Kakay4dezonlineARTE KIKO

“Porque eu sou do tamanho do que vejo
E não do tamanho da minha altura.”
Pessoa, na pessoa de Caeiro

Andando pelas ruas de Lisboa, especialmente nas madrugadas, é possível sentir a presença de Fernando Pessoa. Dos vários Pessoa. Desde a leveza romântica de Caeiro, com um jeito de Manoel de Barros, até a nota intensa e introspectiva de Bernardo Soares, no monumental Livro do Desassossego, que ainda hoje causa um inquietante desassossego. Nessas pessoas e em tantas outras, Pessoa nos faz caminhar pelo mundo.

Estar em Lisboa nos 90 anos da partida do poeta leva a uma constatação instigante. Pessoa, nas suas múltiplas pessoas, não partiu. Há uma delas, dentre as várias, que optou por nos acompanhar. Talvez por isso Lisboa deixou de ser rural e virou esta vila universal. Penso que não foi o Portugal dominador, desbravador, que estava forte além-mar, que soube se impor no cenário internacional. As disputas internas e internacionais parecem ter um lugar de observação especial e respeito quando a vida se permite, por exemplo, deixar-se levar pela poesia. E Pessoa fez isso como ninguém.

É interessante lembrar que Pessoa chegou a fazer uma peça de publicidade. Em 1927, seu então patrão pediu que ele usasse sua veia poética para fazer um comercial da Coca-Cola. O refrigerante ainda não era vendido em Portugal e queriam começar a explorar o mercado. O grande poeta, que era chegado a uma boa bebida alcoólica, claro, teve uma sacada genial: “Primeiro, estranha-se. Depois, entranha-se”. Na poesia, não se estranha em nenhum momento; desde o primeiro segundo, entranha-se.

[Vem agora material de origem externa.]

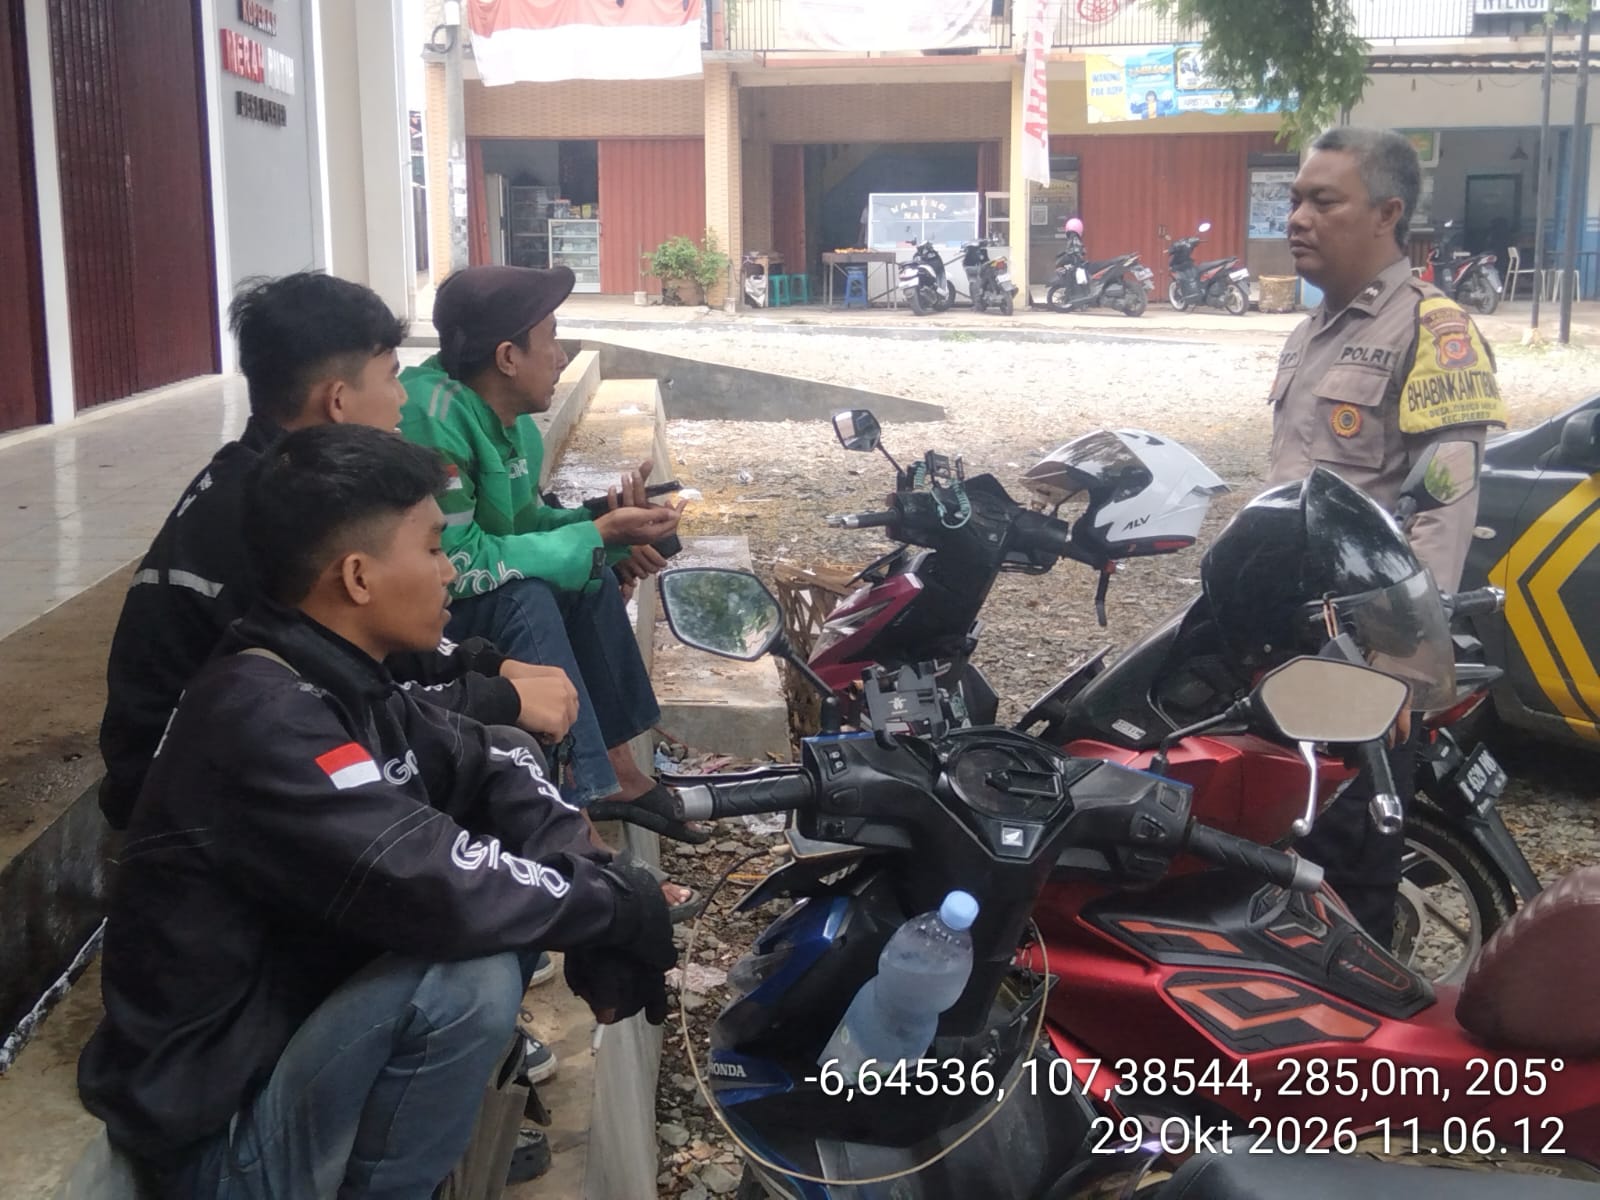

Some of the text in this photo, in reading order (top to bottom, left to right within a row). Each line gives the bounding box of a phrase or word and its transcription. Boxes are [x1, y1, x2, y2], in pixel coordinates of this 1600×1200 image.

[219, 28, 264, 84] MERAH
[1340, 346, 1392, 365] POLRI
[1121, 514, 1151, 532] ALV
[383, 749, 419, 785] Gr
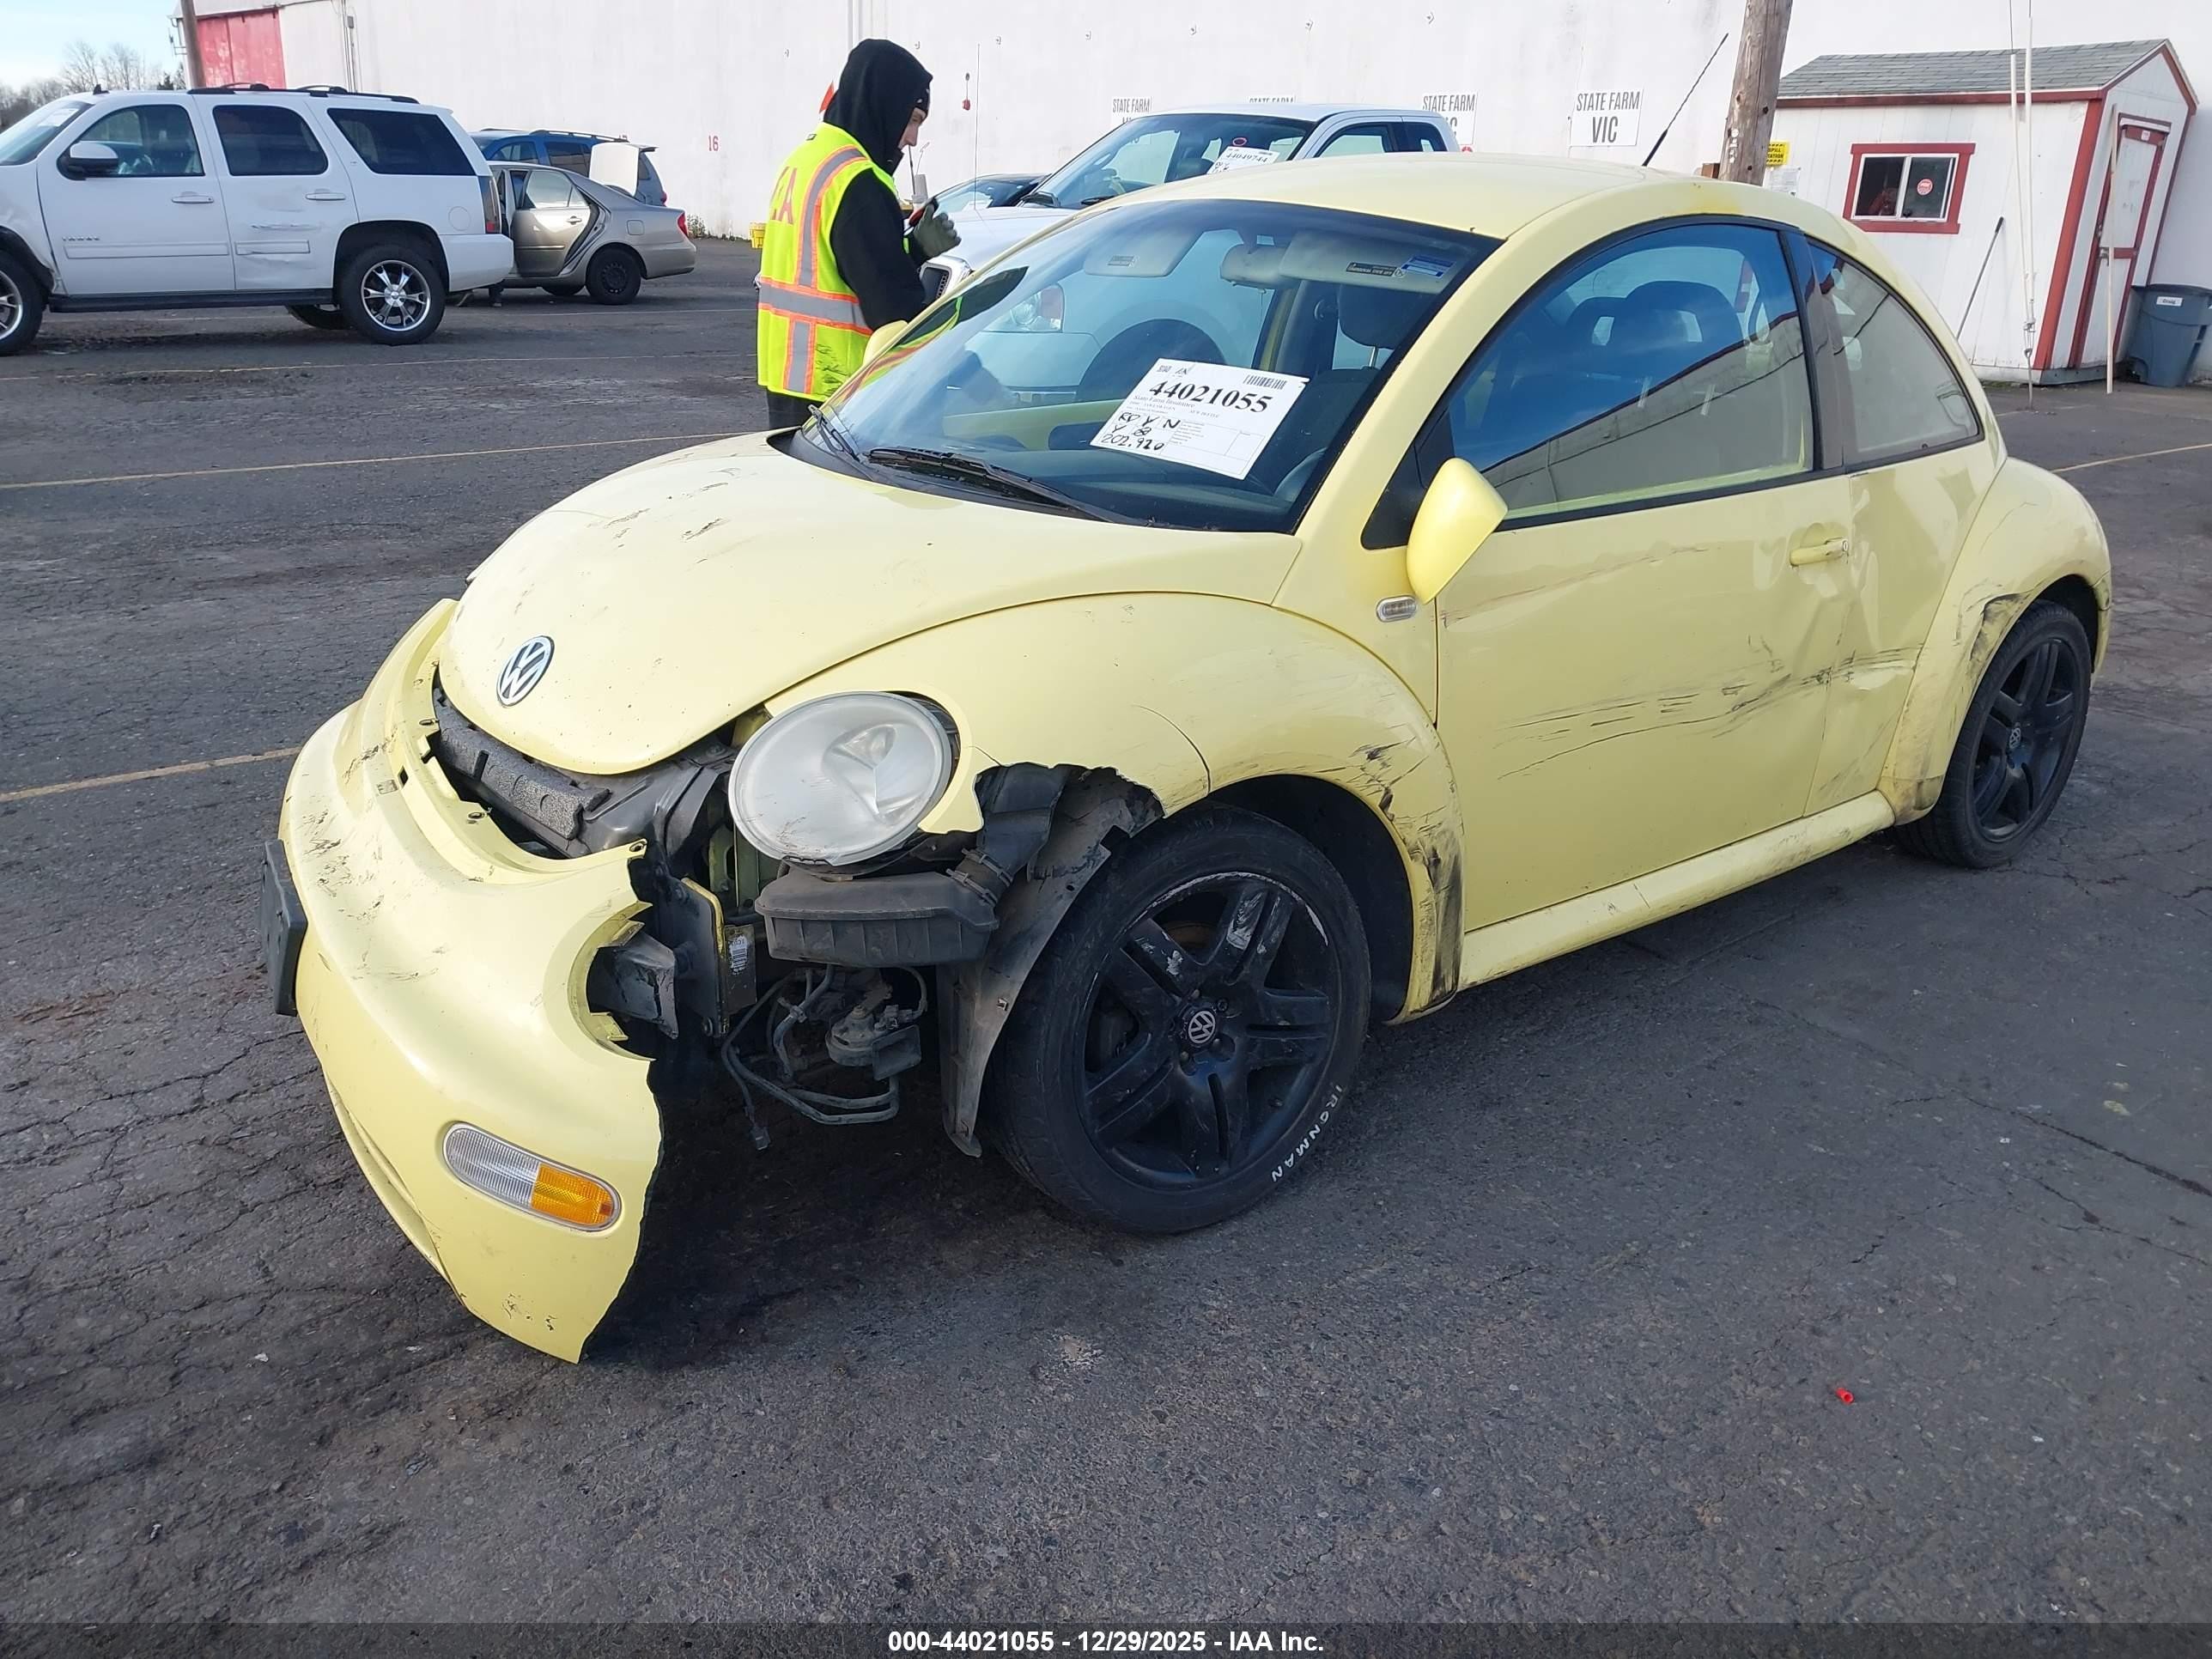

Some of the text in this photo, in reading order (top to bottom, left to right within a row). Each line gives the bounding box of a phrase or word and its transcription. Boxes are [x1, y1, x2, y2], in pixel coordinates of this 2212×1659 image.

Os vários Pessoa andam mesmo por aqui. No país que virou referência para os brasileiros que buscam outros ares, outros mares. Ninguém sai da sua terra simplesmente porque quer. Há um ar de angústia e tristeza em quase todo o desterrado. Algo da tristeza de Florbela Espanca, algo das saudades do nosso Portugal mais antigo. Algo que, por mais tempo que aqui fiquem, não é possível deixar de acompanhar a cada um. Se Portugal hoje é um país festivo e alegre, ainda existe um Portugal fechado e triste. E é na poesia de Pessoa que todos se sentem, de certa forma, aconchegados.
Por isso, nosso poeta nos ensinou: “Ser poeta não é uma opção minha. É a minha maneira de estar sozinho”.